(INFORMATION SHOWN Opens)
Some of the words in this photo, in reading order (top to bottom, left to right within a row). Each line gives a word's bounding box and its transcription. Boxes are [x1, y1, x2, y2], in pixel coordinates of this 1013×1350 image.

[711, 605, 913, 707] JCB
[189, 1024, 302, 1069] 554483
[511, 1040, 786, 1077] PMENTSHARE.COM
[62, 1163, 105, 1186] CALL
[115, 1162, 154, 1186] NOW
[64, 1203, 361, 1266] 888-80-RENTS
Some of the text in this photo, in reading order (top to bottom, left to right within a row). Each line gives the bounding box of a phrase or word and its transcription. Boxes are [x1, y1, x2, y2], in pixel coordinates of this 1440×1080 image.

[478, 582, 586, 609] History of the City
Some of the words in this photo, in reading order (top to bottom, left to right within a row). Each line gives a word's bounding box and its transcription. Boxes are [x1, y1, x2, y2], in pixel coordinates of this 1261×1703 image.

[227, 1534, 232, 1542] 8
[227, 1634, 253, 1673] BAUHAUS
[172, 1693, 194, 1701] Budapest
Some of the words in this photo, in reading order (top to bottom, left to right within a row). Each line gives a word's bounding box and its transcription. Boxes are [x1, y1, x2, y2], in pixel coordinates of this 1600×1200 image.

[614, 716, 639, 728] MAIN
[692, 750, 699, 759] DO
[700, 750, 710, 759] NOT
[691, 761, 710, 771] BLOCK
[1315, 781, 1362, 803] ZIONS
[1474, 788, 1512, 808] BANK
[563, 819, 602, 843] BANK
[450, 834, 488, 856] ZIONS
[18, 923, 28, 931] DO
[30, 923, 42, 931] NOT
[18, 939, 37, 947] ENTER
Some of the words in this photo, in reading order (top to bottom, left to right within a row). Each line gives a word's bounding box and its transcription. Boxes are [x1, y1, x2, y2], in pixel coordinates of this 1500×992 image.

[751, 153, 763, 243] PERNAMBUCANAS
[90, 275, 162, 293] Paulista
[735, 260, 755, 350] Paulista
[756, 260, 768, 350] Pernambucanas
(INFORMATION SHOWN Closes)
ASSIGNMENT: Repeat all the data, every line exactly.

ANSWER SECTION:
Some of the words in this photo, in reading order (top to bottom, left to right within a row). Each line gives a word's bounding box and its transcription. Boxes are [x1, y1, x2, y2], in pixel coordinates of this 1013×1350 image.

[711, 605, 913, 707] JCB
[189, 1024, 302, 1069] 554483
[511, 1040, 786, 1077] PMENTSHARE.COM
[62, 1163, 105, 1186] CALL
[115, 1162, 154, 1186] NOW
[64, 1203, 361, 1266] 888-80-RENTS
Some of the text in this photo, in reading order (top to bottom, left to right within a row). Each line gives the bounding box of a phrase or word and its transcription. Boxes are [x1, y1, x2, y2], in pixel coordinates of this 1440×1080 image.

[478, 582, 586, 609] History of the City
Some of the words in this photo, in reading order (top to bottom, left to right within a row). Each line gives a word's bounding box and its transcription. Boxes are [x1, y1, x2, y2], in pixel coordinates of this 1261×1703 image.

[227, 1534, 232, 1542] 8
[227, 1634, 253, 1673] BAUHAUS
[172, 1693, 194, 1701] Budapest
Some of the words in this photo, in reading order (top to bottom, left to right within a row). Each line gives a word's bounding box and its transcription. Boxes are [x1, y1, x2, y2], in pixel coordinates of this 1600×1200 image.

[614, 716, 639, 728] MAIN
[692, 750, 699, 759] DO
[700, 750, 710, 759] NOT
[691, 761, 710, 771] BLOCK
[1315, 781, 1362, 803] ZIONS
[1474, 788, 1512, 808] BANK
[563, 819, 602, 843] BANK
[450, 834, 488, 856] ZIONS
[18, 923, 28, 931] DO
[30, 923, 42, 931] NOT
[18, 939, 37, 947] ENTER
Some of the words in this photo, in reading order (top to bottom, left to right within a row). Each line gives a word's bounding box and its transcription. Boxes are [x1, y1, x2, y2], in pixel coordinates of this 1500×992 image.

[751, 153, 763, 243] PERNAMBUCANAS
[90, 275, 162, 293] Paulista
[735, 260, 755, 350] Paulista
[756, 260, 768, 350] Pernambucanas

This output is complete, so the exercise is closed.